Не все хотели перебраться в Новый Коллетон, и не все жилища подлежали транспортировке целиком. Шоссе на выездах из города были запружены тяжелыми грузовиками, перевозящими фрагменты домов в разные точки Южной Каролины. Но это было менее впечатляющим зрелищем, чем путешествие по реке. В один из дней мимо меня проплыл домик, показавшийся мне знакомым. Только через несколько минут я сообразил, что видел дом Амоса и Толиты, отправившийся в свой первый и единственный круиз. Еще через какое-то время в путь пустилось здание баптистской церкви, напоминающее опрокинутую баллистическую ракету. Я без конца щелкал своей «Минолтой»; потом я послал снимки Саванне. Она как раз писала длинную балладу об уничтожении родного города. Однажды в вечерних сумерках мимо меня проплыла епископальная церковь. Сумерки делали ее словно парящей в воздухе. Я фотографировал мокрых от пота рабочих, которые выкапывали гробы на коллетонском кладбище. Эти гробы запихивались в пластиковые мешки и перевозились на новые безликие кладбища, устроенные вдоль шоссе между Чарлстоном и Колумбией. Дома, которые невозможно было перевезти или продать, разрушали, а обломки продавали компании, специализирующейся на утилизации. Бродячих собак отстреливали охотники, имеющие специальные лицензии. Бродячих кошек отлавливали и топили возле общественного причала. Никому не было дела до перезревших помидоров, они падали на землю или гнили на стеблях. Такая же участь постигла дыни и арбузы на бахчах. Поскольку здания школы и суда никакой исторической ценности не представляли, их просто взорвали. Все магазины на улице Приливов сровняли с землей. К первому сентября город Коллетон вымер подобно Помпеям и Геркулануму.

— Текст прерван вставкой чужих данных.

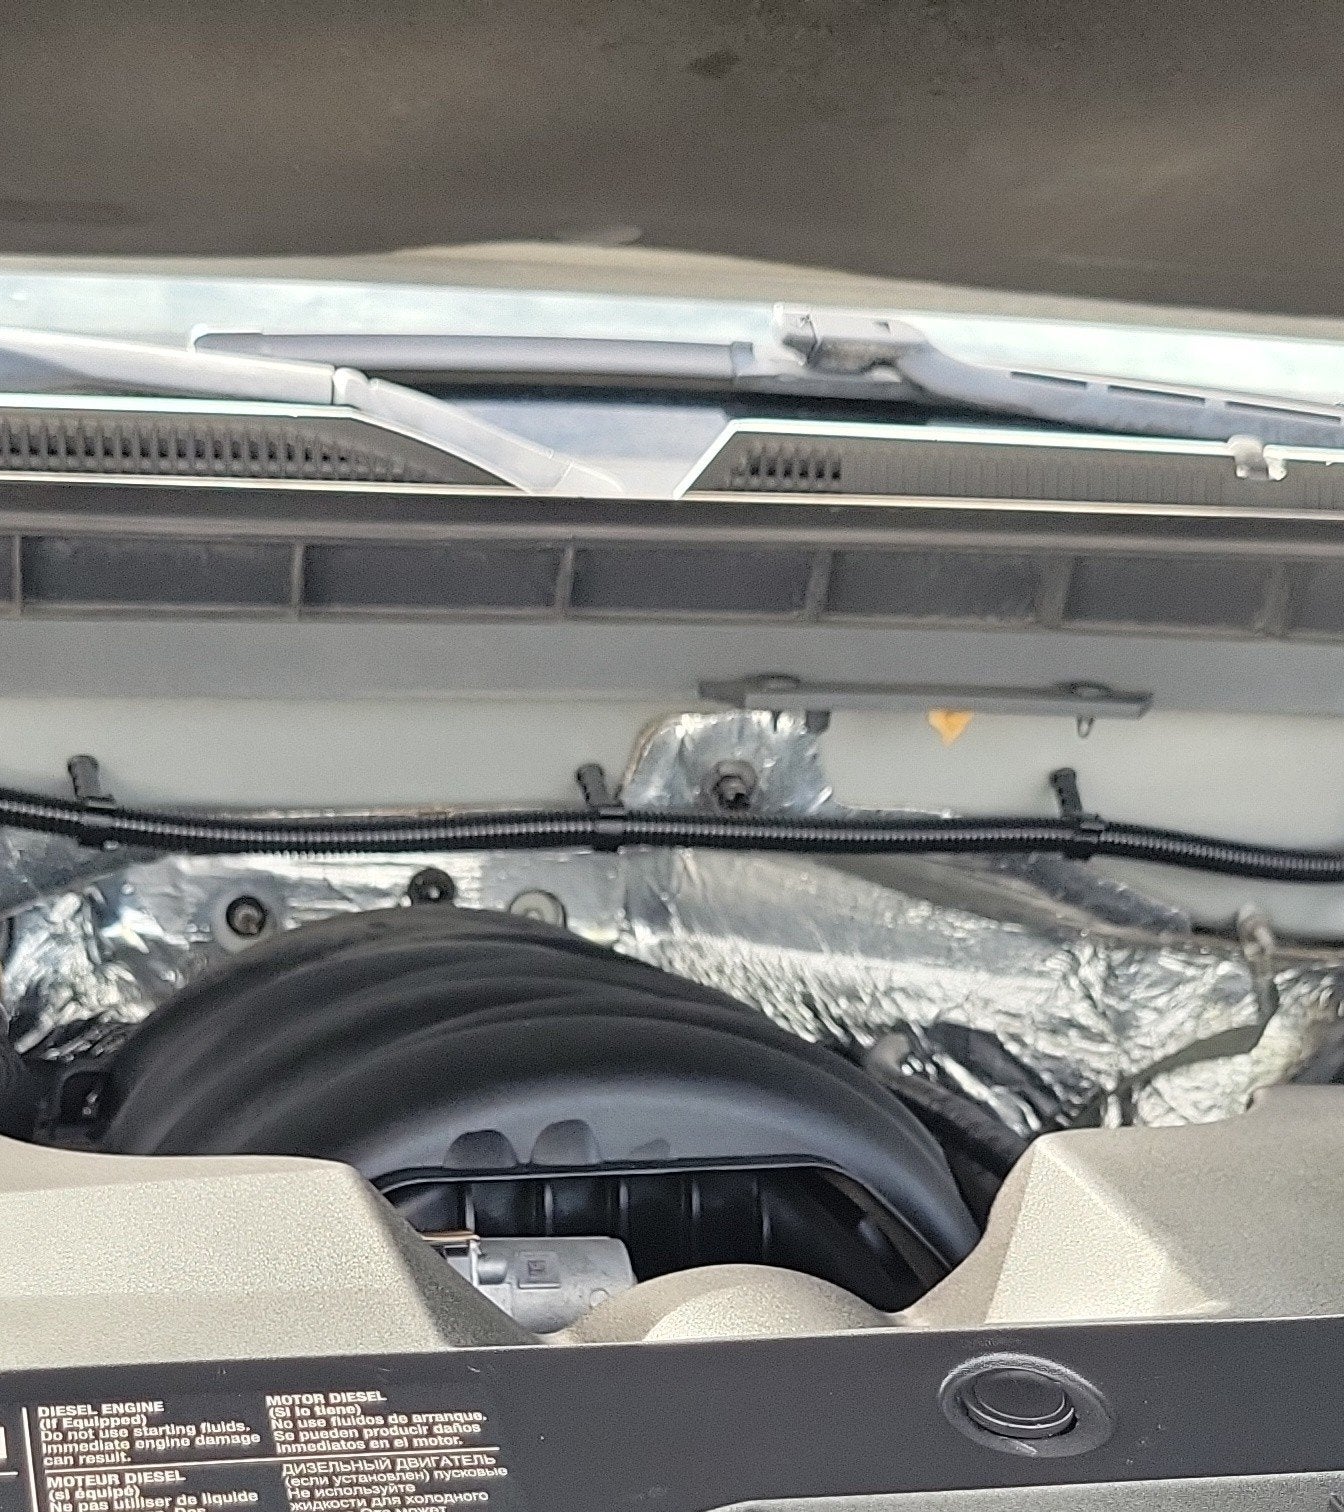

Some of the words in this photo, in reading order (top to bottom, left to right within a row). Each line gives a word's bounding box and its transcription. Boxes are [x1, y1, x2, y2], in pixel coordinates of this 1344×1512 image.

[265, 1393, 326, 1407] MOTOR
[328, 1390, 387, 1403] DIESEL
[38, 1404, 98, 1418] DIESEL
[101, 1401, 165, 1414] ENGINE
[295, 1405, 311, 1417] lo
[314, 1403, 362, 1417] tiene)
[62, 1414, 148, 1429] Equipped)
[270, 1418, 294, 1431] No
[298, 1417, 326, 1428] use
[330, 1412, 385, 1427] fluidos
[388, 1413, 409, 1424] de
[412, 1411, 487, 1425] arranque.
[40, 1430, 63, 1442] Do
[68, 1428, 95, 1440] not
[99, 1428, 129, 1439] use
[133, 1423, 196, 1437] starting
[200, 1421, 251, 1434] fluids.
[273, 1430, 294, 1442] Se
[299, 1427, 359, 1442] pueden
[363, 1424, 429, 1439] producir
[432, 1421, 481, 1434] daños
[42, 1439, 130, 1454] Immediate
[135, 1437, 191, 1450] engine
[195, 1432, 261, 1447] damage
[369, 1438, 390, 1449] en
[394, 1436, 409, 1448] el
[412, 1435, 463, 1447] motor.
[43, 1455, 74, 1466] can
[78, 1452, 132, 1465] result.
[281, 1458, 392, 1477] ДИЗЕЛЬНЫЙ
[395, 1454, 496, 1471] ДВИГАТЕЛЬ
[47, 1474, 120, 1489] MOTEUR
[124, 1469, 186, 1484] DIESEL
[285, 1475, 329, 1489] (если
[332, 1470, 430, 1487] установлен)
[433, 1466, 508, 1482] пусковые
[48, 1488, 70, 1502] (si
[75, 1485, 140, 1501] équipé)
[113, 1495, 172, 1510] utiliser
[176, 1492, 198, 1505] de
[202, 1490, 259, 1506] liquide
[287, 1486, 310, 1500] Не
[314, 1482, 416, 1499] используйте
[290, 1498, 367, 1512] жидкости
[370, 1496, 401, 1508] для
[405, 1491, 489, 1505] холодного

За экспроприированную под строительство площадь правительство в общей сложности выплатило 98 миллионов 967 тысяч долларов. Наша мать за остров Мелроуз получила 2 миллиона 225 тысяч долларов.

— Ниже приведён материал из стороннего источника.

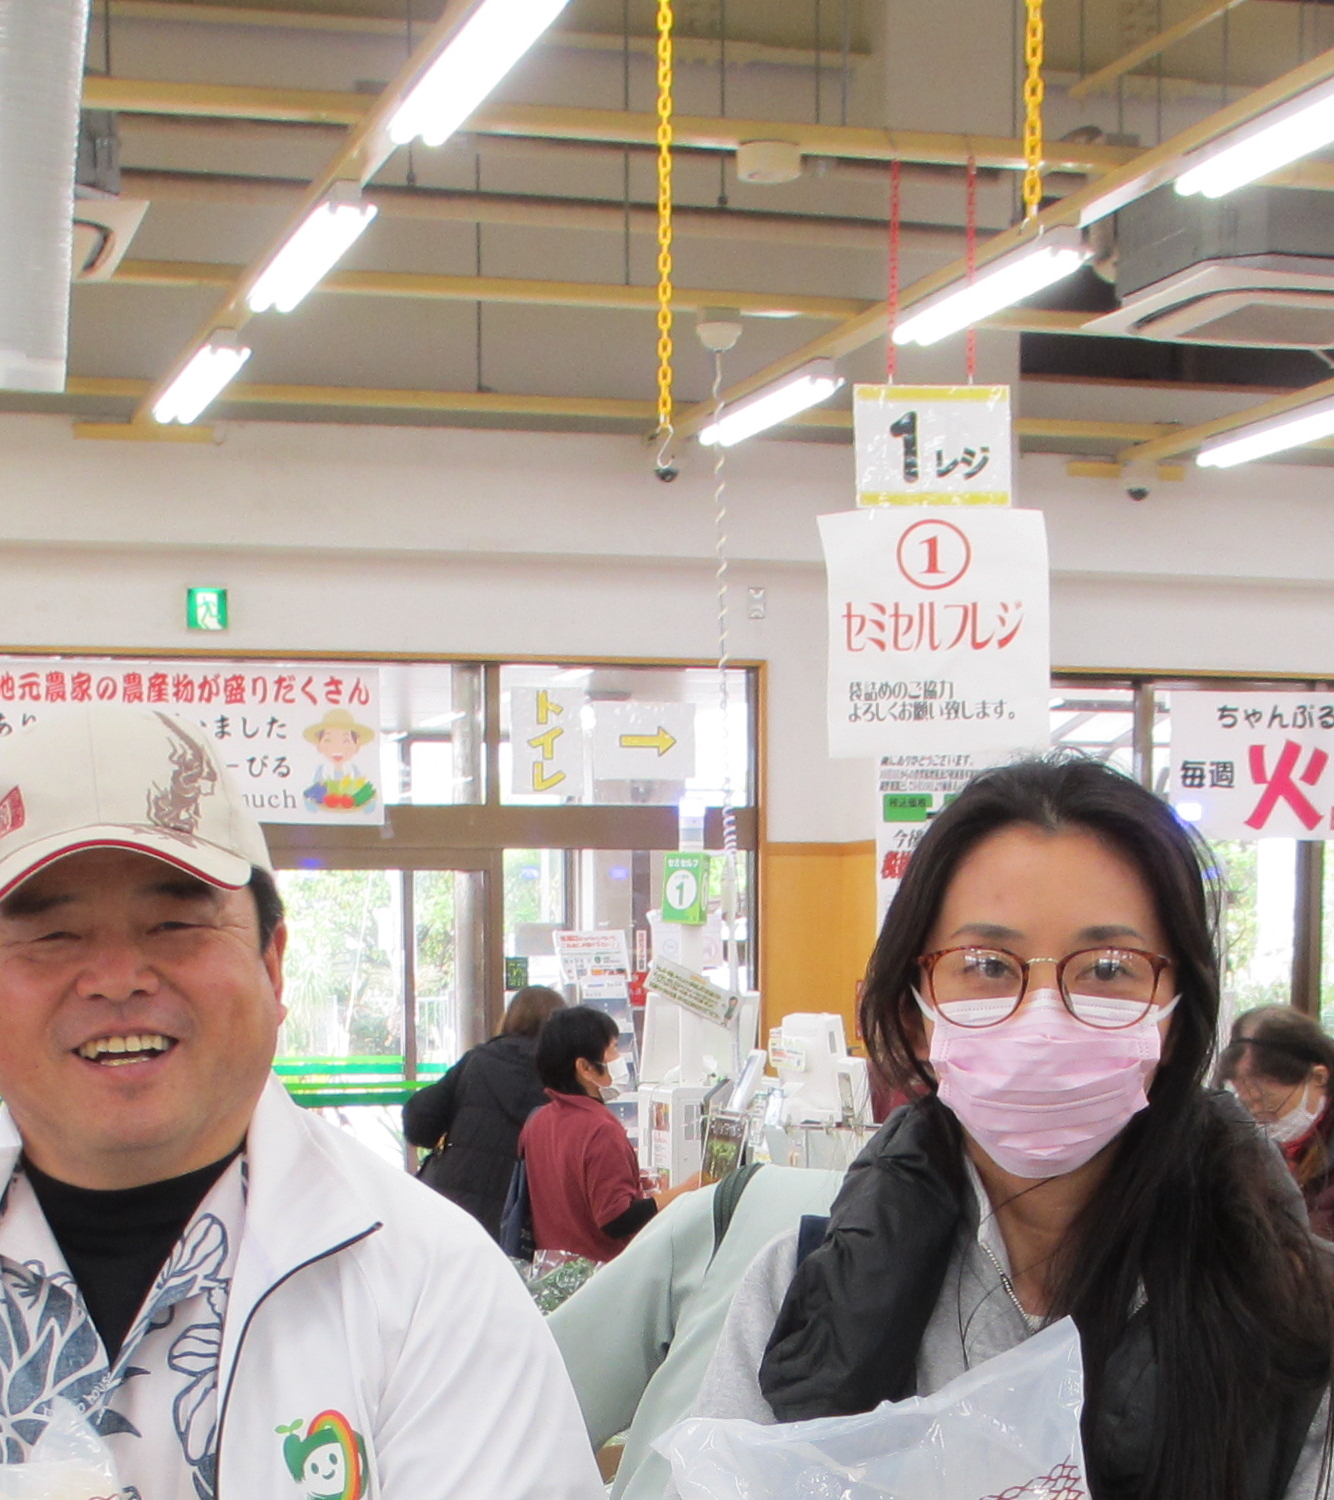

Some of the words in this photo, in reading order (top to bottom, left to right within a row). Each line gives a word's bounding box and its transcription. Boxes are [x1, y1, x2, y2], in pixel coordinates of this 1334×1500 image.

Восприимчивая к чувствам своей разделенной ныне семьи, мать выписала четыре чека на сто тысяч долларов каждый. Мы с Саванной приняли свои чеки с благодарностью. Сестра наконец-то смогла расстаться с опостылевшей ей ролью голодающего художника. Мы с Салли вернули заем, взятый на оплату ее учебы в медицинском колледже, и купили для нашей семьи дом на острове Салливанс. Отца никто не видел со дня свадьбы матери и Риса Ньюбери, поэтому мать положила деньги на его банковский счет.
Свой чек Люк сжег на глазах у матери. Она заплакала, а брат напомнил ей, что он – Люк Винго, речной парень из Коллетона, и поинтересовался, не мать ли внушала ему, что речных парней нельзя купить ни за какие деньги.

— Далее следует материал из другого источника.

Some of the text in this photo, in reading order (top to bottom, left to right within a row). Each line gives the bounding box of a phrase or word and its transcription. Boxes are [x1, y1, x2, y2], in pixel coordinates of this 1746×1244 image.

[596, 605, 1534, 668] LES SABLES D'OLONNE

В июне десятник, отвечающий за расчистку территории, отправил на остров Мелроуз подрывников, поручив им уничтожить дом, в котором мы выросли. Бригада состояла из двенадцати человек; в их распоряжении было три грузовика и два бульдозера. Когда кто-то из рабочих поднялся на крыльцо и попытался ломом открыть входную дверь, почти над самой его головой просвистела пуля и вонзилась в доски. Выстрелы следовали один за другим. Пули пробили шины грузовиков. Испуганные рабочие бросились прочь.
После их бегства Люк вышел из леса. В сарае у него было припрятано несколько бутылок с «коктейлем Молотова». С их помощью брат сжег всю технику, посланную на разрушение родных стен.
От слов Люк Винго перешел к действиям.
На следующий день рабочие вернулись в сопровождении батальона национальных гвардейцев, и те предварительно прочесали окрестности. Спрятавшись на дереве, Люк следил за уничтожением нашего дома. Позже он рассказывал мне:
– Это то же самое, что у тебя на глазах убивают всю твою семью.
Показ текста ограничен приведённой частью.